Le Comité des droits humains des Nations unies a émis un avis le 12 mars concernant le cas de Marafa Hamidou Yaya, ancien Secrétaire général à la présidence du Cameroun, actuellement détenu à Yaoundé depuis 14 ans. En 2012, il a été condamné pour 'complicité de détournement d’argent public'. Cet avis, bien que non contraignant, fait suite au dépôt d'une plainte par Marafa en 2020, une démarche complétée par ses soins en 2025.

Ce qu'il faut retenir

  • L'ONU demande la libération de Marafa Hamidou Yaya, détenu depuis 14 ans au Cameroun
  • Marafa Hamidou Yaya, ex-Secrétaire général à la présidence, a été condamné en 2012 pour 'complicité de détournement d’argent public'
  • L'avis du Comité des droits humains de l'ONU fait suite à une plainte déposée par Marafa en 2020

Situation de Marafa Hamidou Yaya

Marafa Hamidou Yaya, ancien haut cadre du pouvoir camerounais, est actuellement détenu à Yaoundé. Sa condamnation en 2012 pour 'complicité de détournement d’argent public' l'a conduit à purger une peine de 14 ans. L'avis du Comité des droits humains des Nations unies intervient dans le cadre du suivi de la plainte initiée par Marafa en 2020, démarche renforcée en 2025 par de nouveaux éléments apportés par l'intéressé.

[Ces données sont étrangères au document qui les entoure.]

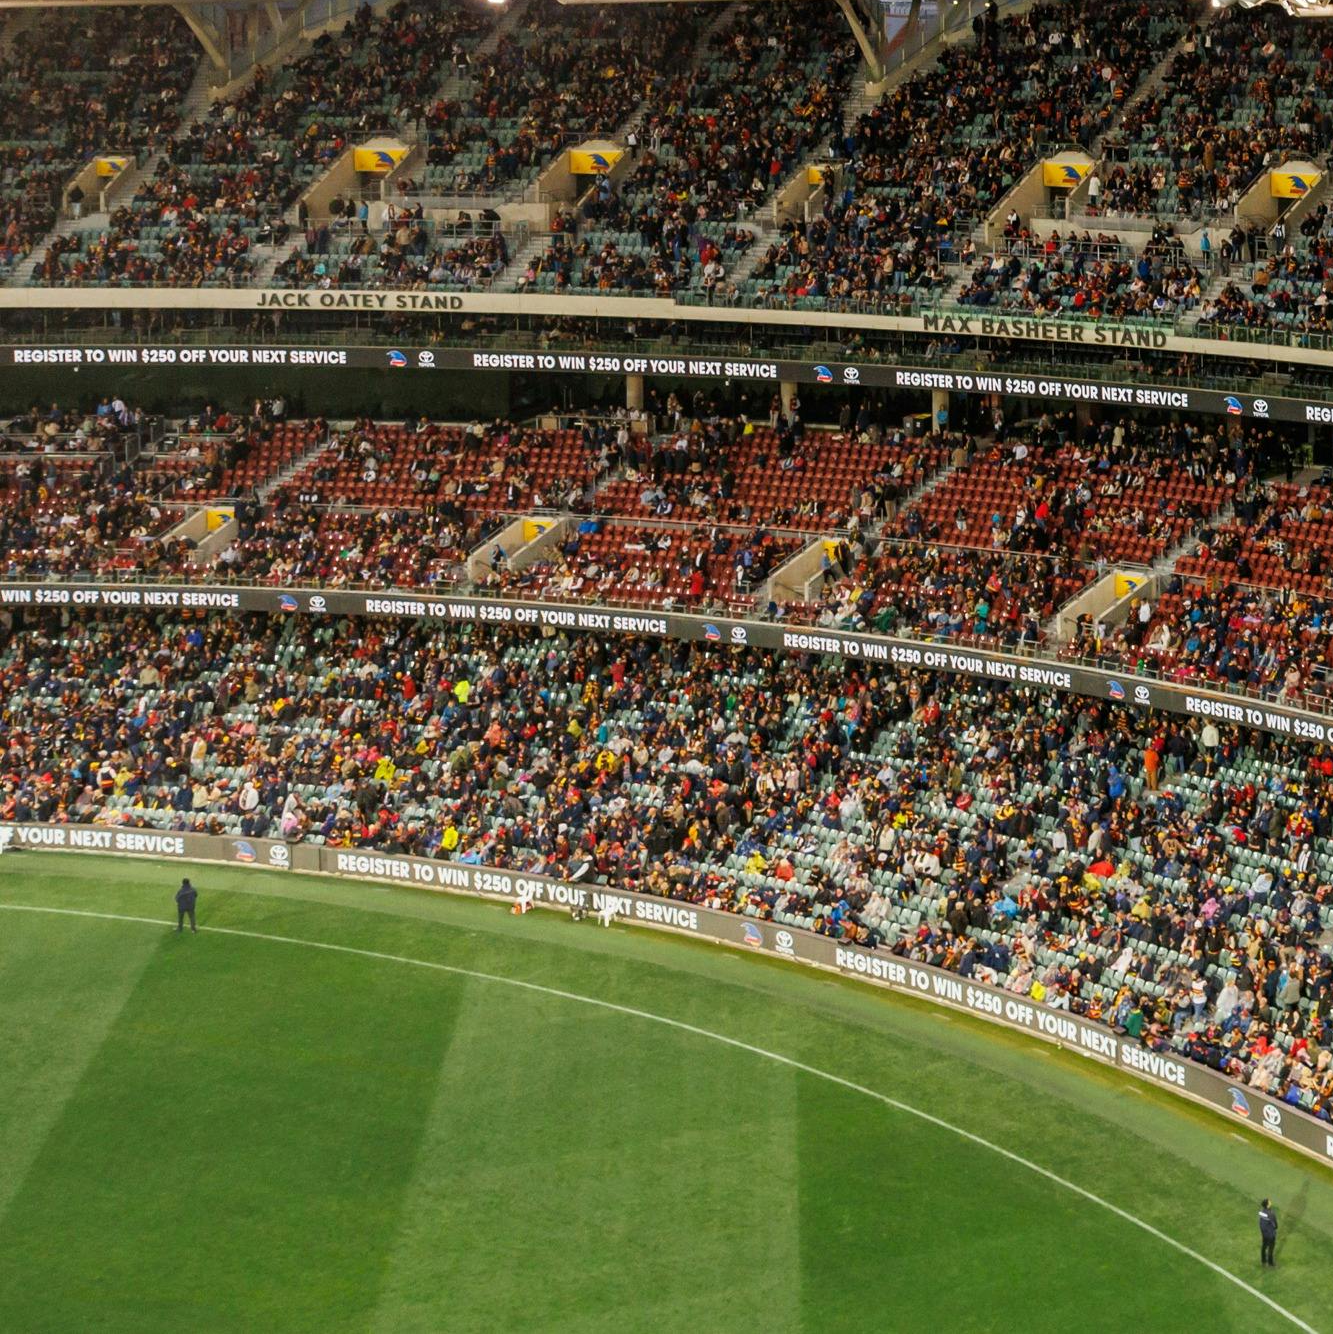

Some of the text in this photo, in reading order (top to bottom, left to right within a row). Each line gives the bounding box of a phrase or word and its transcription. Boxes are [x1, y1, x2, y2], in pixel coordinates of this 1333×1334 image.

[256, 292, 463, 310] JACK OATEY STAND
[923, 313, 1167, 349] MAX BASHEER STAND
[13, 349, 347, 364] REGISTER TO WIN $250 OFF YOUR NEXT SERVICE
[473, 353, 777, 378] REGISTER TO WIN $250 OFF YOUR NEXT SERVICE
[896, 371, 1188, 408] REGISTER TO WIN $250 OFF YOUR NEXT SERVICE
[0, 589, 239, 607] WIN $250 OFF YOUR NEXT SERVICE
[365, 599, 667, 633] REGISTER TO WIN $250 OFF YOUR NEXT SERVICE
[783, 633, 1071, 688] REGISTER TO WIN $250 OFF YOUR NEXT SERVICE
[1185, 696, 1244, 722] REGISTER
[1245, 709, 1263, 726] TO
[1265, 713, 1291, 733] WIN
[1293, 720, 1325, 740] $250
[16, 826, 66, 845] YOUR
[69, 831, 113, 848] NEXT
[115, 833, 184, 854] SERVICE
[338, 854, 409, 878] REGISTER
[414, 864, 433, 882] TO
[438, 868, 468, 888] WIN
[474, 873, 511, 894] $250
[636, 902, 697, 929] SERVICE
[836, 946, 1185, 1086] REGISTER TO WIN $250 OFF YOUR NEXT SERVICE

Plainte et démarches judiciaires

La plainte déposée par Marafa Hamidou Yaya en 2020 et enrichie en 2025 a attiré l'attention du Comité des droits humains de l'ONU. Bien que cet avis ne contraigne pas le Cameroun, il souligne la situation de Marafa, exigeant une révision de sa détention. Cette affaire met en lumière les enjeux liés aux droits humains et à l'incarcération de personnalités politiques dans le pays.

Et maintenant ?

Il reste à voir si le Cameroun prendra en considération l'avis de l'ONU concernant la libération de Marafa Hamidou Yaya. Les prochaines étapes pourraient impliquer des discussions entre les autorités camerounaises et l'organisation internationale afin de résoudre cette affaire en suspens.

Marafa Hamidou Yaya, figure emblématique de la politique camerounaise, demeure en détention malgré les appels de l'ONU à sa libération. Cette affaire soulève des questions sur le respect des droits humains et la justice au Cameroun.